La agudización del conflicto entre Estados Unidos, Israel e Irán ha paralizado una de las principales arterias energéticas del mundo. Con decenas de buques varados y ataques directos a embarcaciones comerciales, los precios internacionales del crudo han reaccionado con fuertes alzas ante el temor de una interrupción prolongada del suministro global.
El colapso de una ruta estratégica
El mercado energético global enfrenta un momento crítico. El tráfico de buques petroleros a través del Estrecho de Ormuz ha registrado una vertiginosa caída del 90% en la última semana, según reportes de la firma de análisis naviero Kpler. Esta parálisis es consecuencia directa de las represalias militares en el Golfo Pérsico y el inicio de una campaña de ataques masivos por parte de fuerzas estadounidenses e israelíes contra objetivos en Irán desde el pasado 28 de febrero.
Aunque el tránsito regular ha cesado en gran medida, Kpler indica que algunos capitanes aún asumen el riesgo de cruzar el estrecho.
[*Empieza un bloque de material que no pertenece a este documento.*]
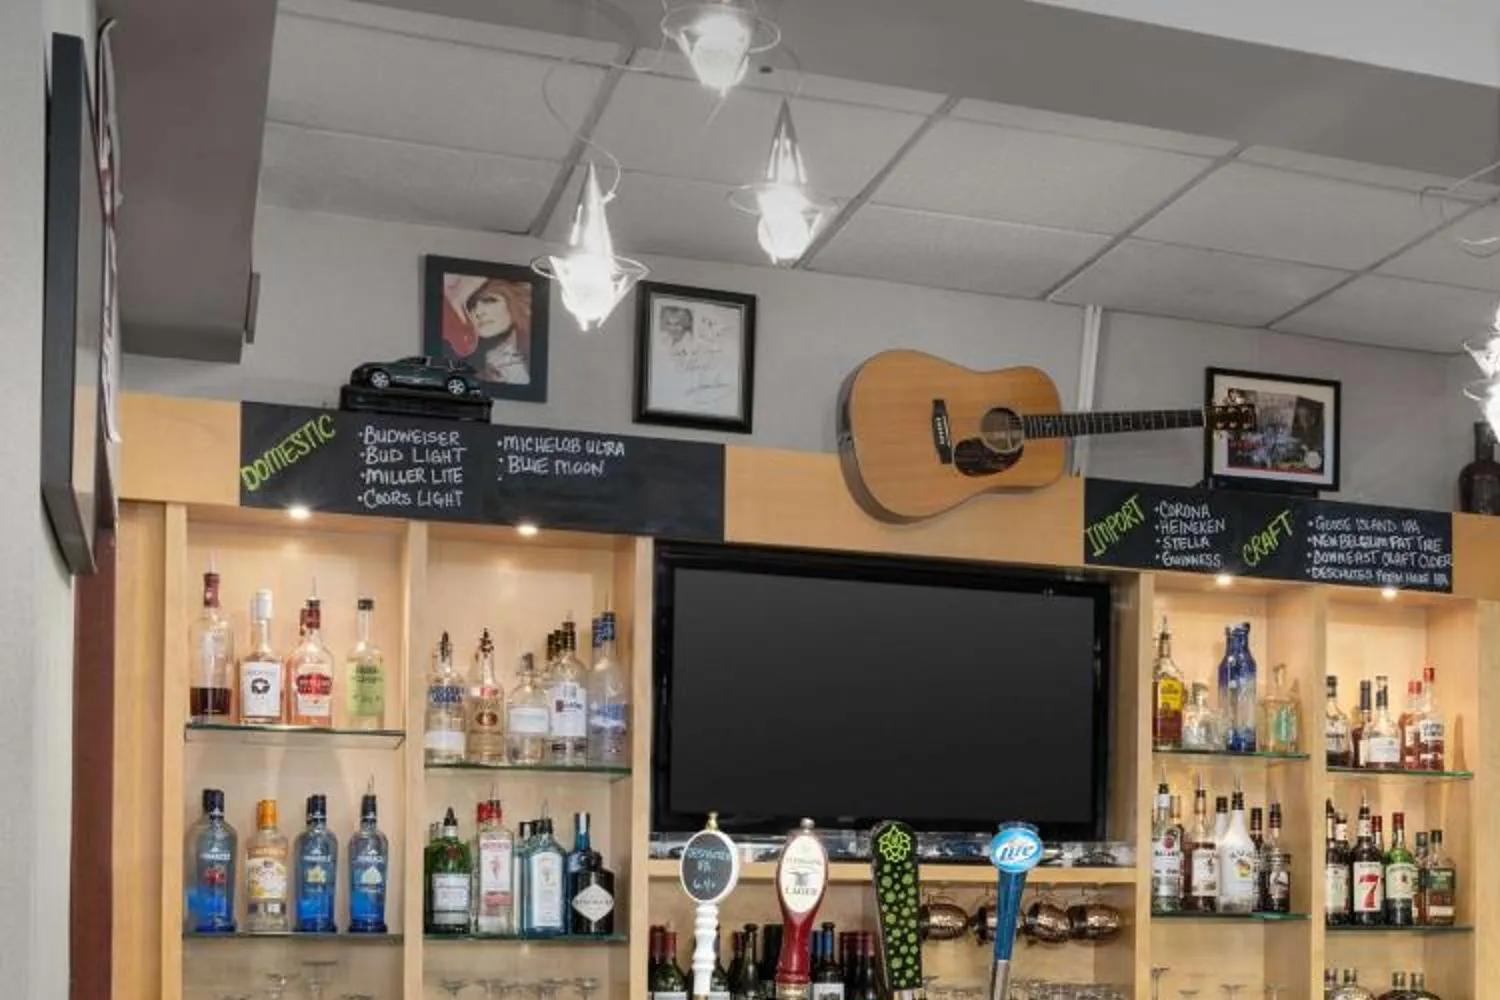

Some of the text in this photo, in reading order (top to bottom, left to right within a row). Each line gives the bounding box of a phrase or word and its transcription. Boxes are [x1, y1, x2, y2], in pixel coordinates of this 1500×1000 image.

[364, 425, 460, 446] BUDWEISER
[503, 435, 581, 453] MICHELOB
[241, 414, 336, 491] DOMESTIC
[366, 446, 467, 465] BUD LIGHT
[508, 455, 605, 475] BLUE MOON
[366, 467, 463, 484] MILLER LITE
[364, 489, 464, 508] COORS LIGHT
[1159, 501, 1211, 519] CORONA
[1086, 493, 1145, 557] IMPORT
[1160, 518, 1226, 535] HEINEKEN
[1356, 517, 1397, 533] ISLAND
[1163, 536, 1210, 550] STELLA
[1242, 510, 1294, 567] CRAFT
[1161, 551, 1221, 568] GUINNESS
Para ello, optan por apagar los transpondedores de las naves («AIS blackouts»), intentando «desaparecer» de los radares en una zona donde el bloqueo de señales y la suplantación de GPS ya son habituales.
Esta parálisis ha generado un cuello de botella logístico de proporciones históricas. Se estima que al menos 40 superpetroleros (tipo VLCC) y una flota total de unos 150 buques están detenidos, manteniendo varados alrededor de 77 millones de barriles de crudo.
Reacción inmediata en los mercados financieros
El impacto de esta disrupción física se ha trasladado con violencia a las pizarras de cotización. El barril de West Texas Intermediate (WTI), referencia en EE. UU., escaló un 7% situándose en los US$79, su nivel más alto en más de un año. Por su parte, el crudo Brent alcanzó los US$85, acumulando un incremento superior al 16% desde el inicio de las hostilidades el viernes pasado.
La incertidumbre ha golpeado también a las bolsas occidentales por temor a una nueva presión inflacionaria. En Nueva York, el Dow Jones cedió 645 puntos (1,3%), mientras que las aerolíneas —fuertemente dependientes del combustible— vieron caer sus acciones cerca de un 5,7%.
Kelvin Wong, analista de Oanda, y Scott Wren, de Wells Fargo Investment Institute, coinciden en que la prima de riesgo geopolítico es ahora el principal componente del precio. Advierten que si el crudo escala hasta los US$100, la economía global podría enfrentar dificultades severas para sostener el crecimiento.
Un tablero geopolítico al límite
La crisis naviera es el reflejo de un tenso pulso militar. Los Guardianes de la Revolución iraní han declarado tener el «control total» de esta vía, advirtiendo que cualquier nave que intente cruzar corre el riesgo de ser alcanzada por misiles o drones.
En respuesta, el presidente Donald Trump aseguró que la Marina norteamericana está lista para escoltar a los petroleros y ofrecer seguros de guerra. No obstante, las principales navieras del mundo, como la danesa Maersk, ya han anunciado la suspensión de reservas de carga en el Golfo hasta nuevo aviso, mientras que los grandes aseguradores han retirado la cobertura de riesgo de guerra.
El efecto dominó: Impacto en los emprendedores en Colombia
Aunque el Estrecho de Ormuz se encuentre a miles de kilómetros, el rally en los precios del petróleo tiene un efecto de transmisión directo hacia la economía colombiana:
Presión en Costos: El encarecimiento de la energía elevará los fletes marítimos y aéreos, afectando a emprendedores que importan materias primas o insumos tecnológicos.
Tasas de Interés: El repunte de la inflación global podría obligar al Banco de la República a mantener las tasas de interés elevadas por más tiempo, encareciendo el crédito para las pymes.
Oportunidades de Transición: La volatilidad de los combustibles fósiles actúa como un catalizador para las startups colombianas enfocadas en energías renovables, movilidad eléctrica y eficiencia logística.
Mientras China ordena a sus refinerías suspender exportaciones de combustible por temor a la escasez, el ecosistema emprendedor en Colombia se ve forzado a buscar resiliencia en la proveeduría local y en la optimización de recursos energéticos frente a un panorama global profundamente incierto.